Bike cage etiquette can be a tricky thing. Those of us lucky enough to work in a building that provides a locking bike cage (but not lucky enough to work in a building that lets you take your bike indoors) have some definite advantages. However, there are two particular scenarios where the balance between being nice to your fellow cyclists and conscious of everyone’s stuff can be at odds.
Scenario 1: Holding the door open
They put a lock on the bike cage door for a reason. But what do you do when a fellow cyclist pulls in to enter the cage at the same time you do. Do you awkwardly slam the cage door shut in their face – preserving the safety and security of everyone’s bikes inside? Or do you hold the door open, letting your fellow cyclist enter without needing to fish out their keys, or electronic badge, or whatever is used to secure the cage? Of course, this seems straight forward if you know the person, see them daily, and know that they belong there. But what if you work in a large office building where you don’t necessarily know the other cyclists?
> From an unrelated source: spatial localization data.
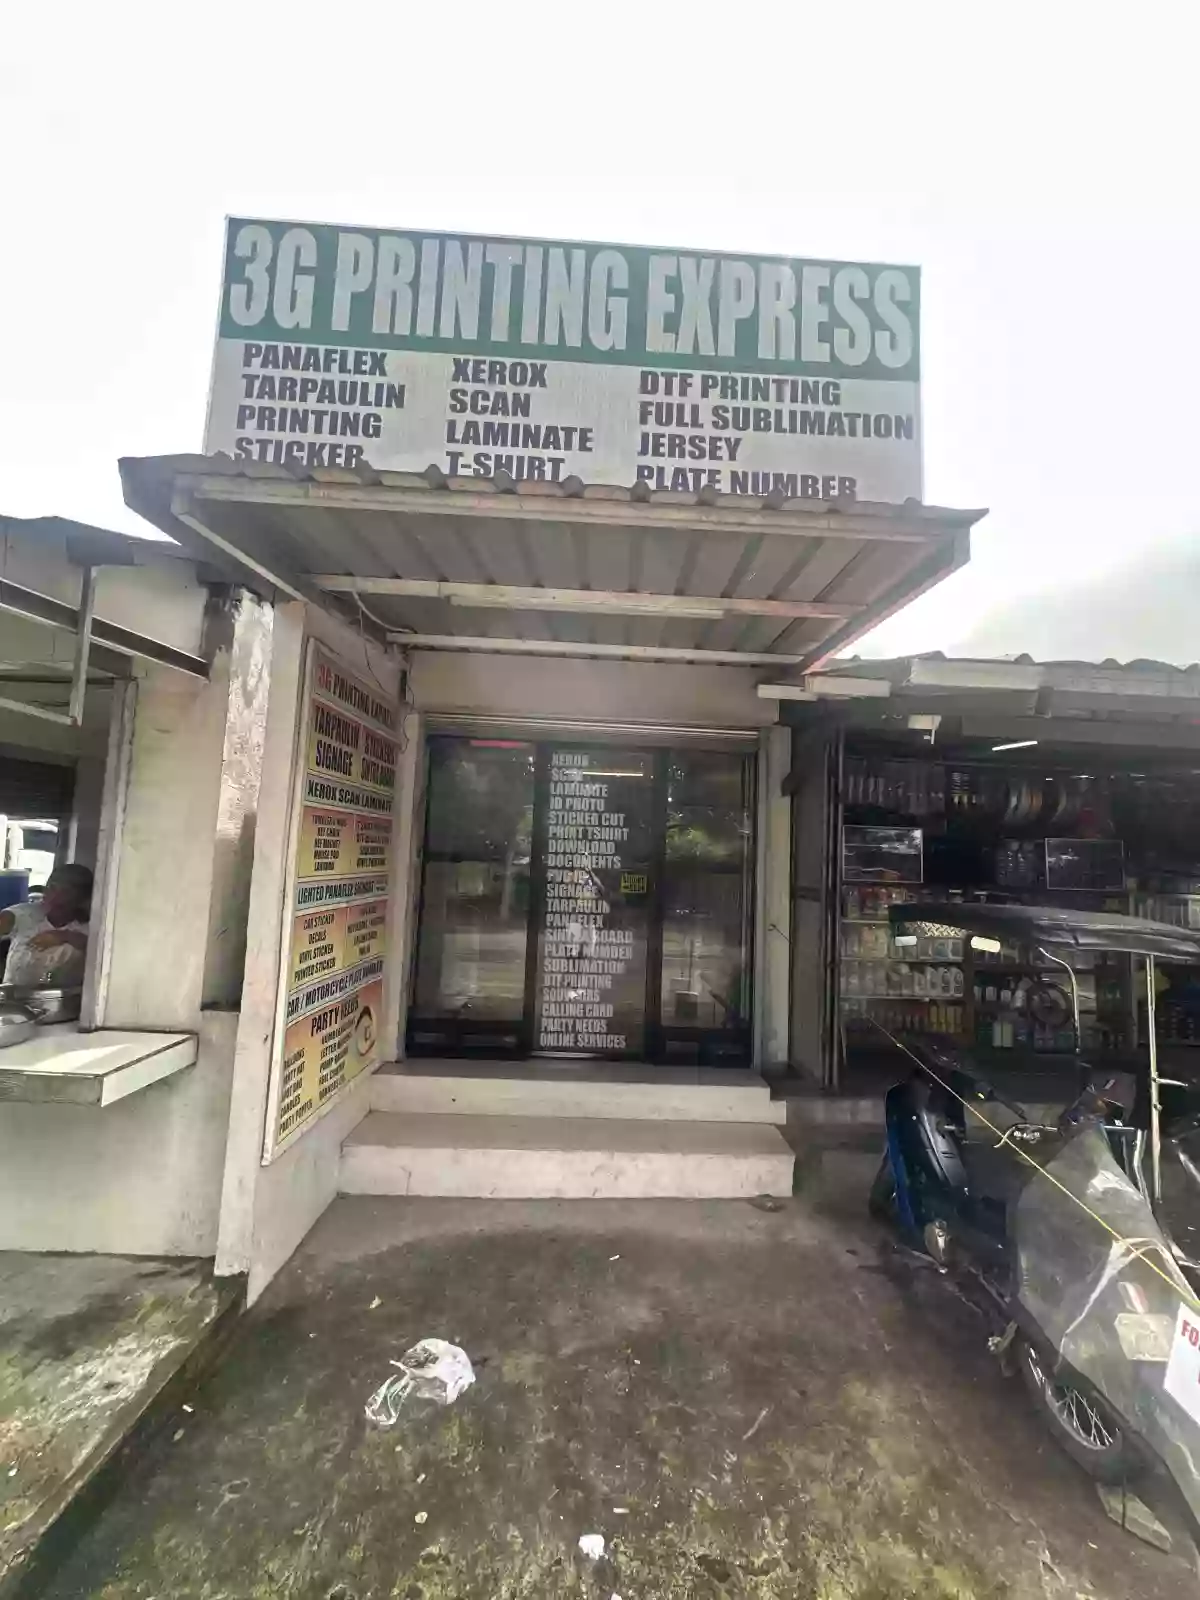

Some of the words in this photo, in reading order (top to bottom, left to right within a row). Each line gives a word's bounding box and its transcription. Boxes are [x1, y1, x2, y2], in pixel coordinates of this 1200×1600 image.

[229, 224, 317, 329] 3G
[331, 232, 629, 350] PRINTING
[645, 254, 913, 369] EXPRESS
[242, 342, 388, 377] PANAFLEX
[452, 357, 548, 388] XEROX
[241, 374, 406, 409] TARPAULIN
[639, 370, 693, 398] DTF
[700, 372, 841, 405] PRINTING
[449, 389, 531, 418] SCAN
[236, 405, 382, 439] PRINTING
[446, 419, 593, 452] LAMINATE
[639, 401, 704, 429] FULL
[711, 404, 914, 440] SUBLIMATION
[235, 437, 365, 469] STICKER
[637, 432, 742, 461] JERSEY
[446, 451, 565, 482] T-SHIRT
[636, 464, 721, 493] PLATE
[730, 470, 857, 498] NUMBER
[315, 705, 360, 749] TARPAULIN
[315, 740, 353, 776] SIGNAGE
[307, 779, 337, 801] XEROX
[338, 787, 360, 806] SCAN
[548, 825, 586, 839] PRINT
[549, 811, 598, 825] STICKER
[601, 813, 625, 827] CUT
[547, 854, 621, 869] DOCUMENTS
[548, 839, 615, 854] DOWNLOAD
[298, 887, 323, 905] LIGHTED
[546, 898, 610, 914] TARPAULIN
[546, 913, 604, 928] PANAFLEX
[543, 958, 626, 974] SUBLIMATION
[565, 974, 612, 989] PRINTING
[304, 975, 348, 1006] MOTORCYCLE
[311, 1004, 340, 1037] PARTY
[541, 1018, 574, 1032] PARTY
[576, 1018, 607, 1033] NEEDS
[542, 1003, 584, 1017] CALLING
[585, 1004, 614, 1017] CARD
[540, 1033, 575, 1047] ONLINE
[577, 1034, 626, 1048] SERVICES
[1181, 1319, 1200, 1352] FO
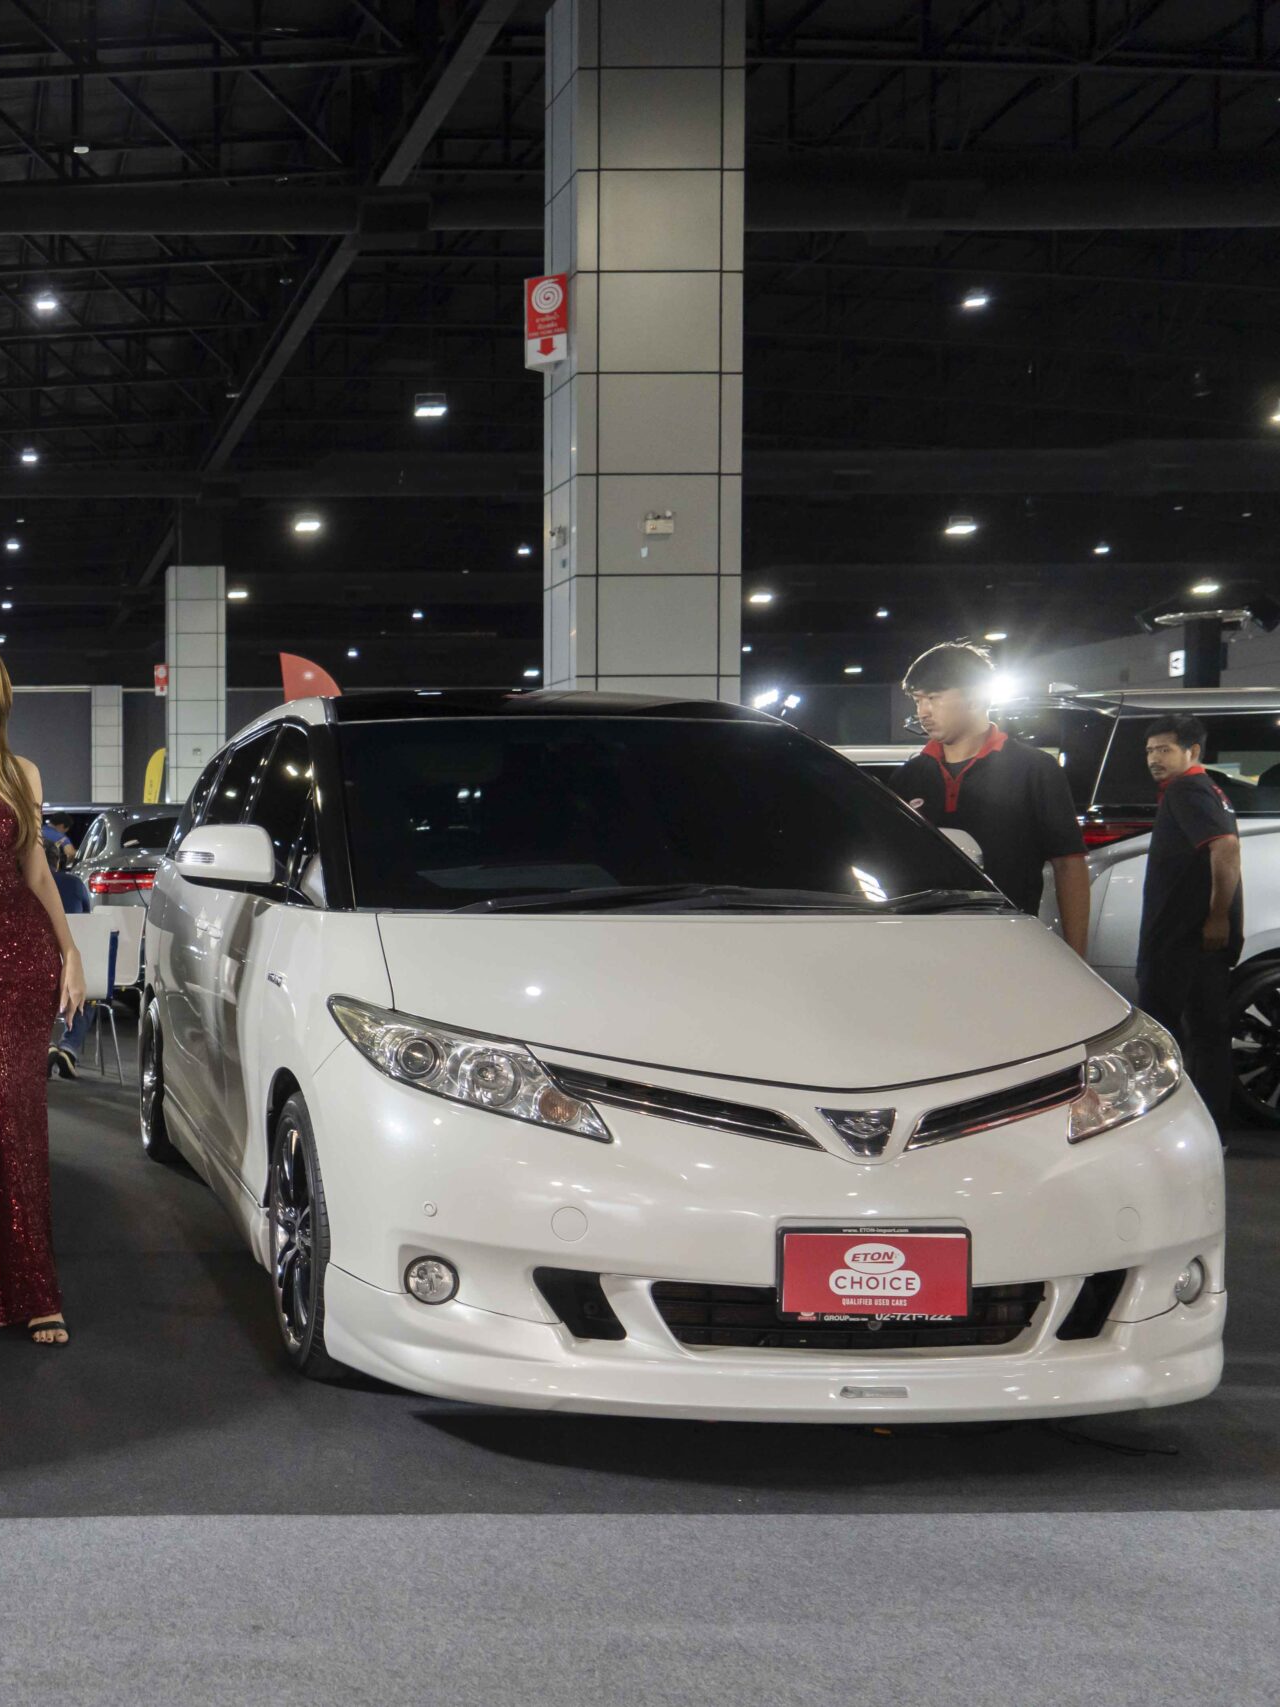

Scenario 2: You left your lights on
What if you enter the bike cage and notice that another fellow rider’s bike has the headlight or taillight left on. It is sure to be dead by the end of the day, leaving the rider without lights for their commute home. Do you try and turn it off for them? Do you feel uncomfortable touching someone else’s bike without their knowledge and permission? Is it better to respect their property – even if that means a dead battery? Just like above, it will likely depend a great deal on if you know the owner of the bike or not.
I’ve faced both of these situations a few different times in the bike cage of my office building. I’ve gone both ways, but somehow always left questioning my decision no matter which path I chose.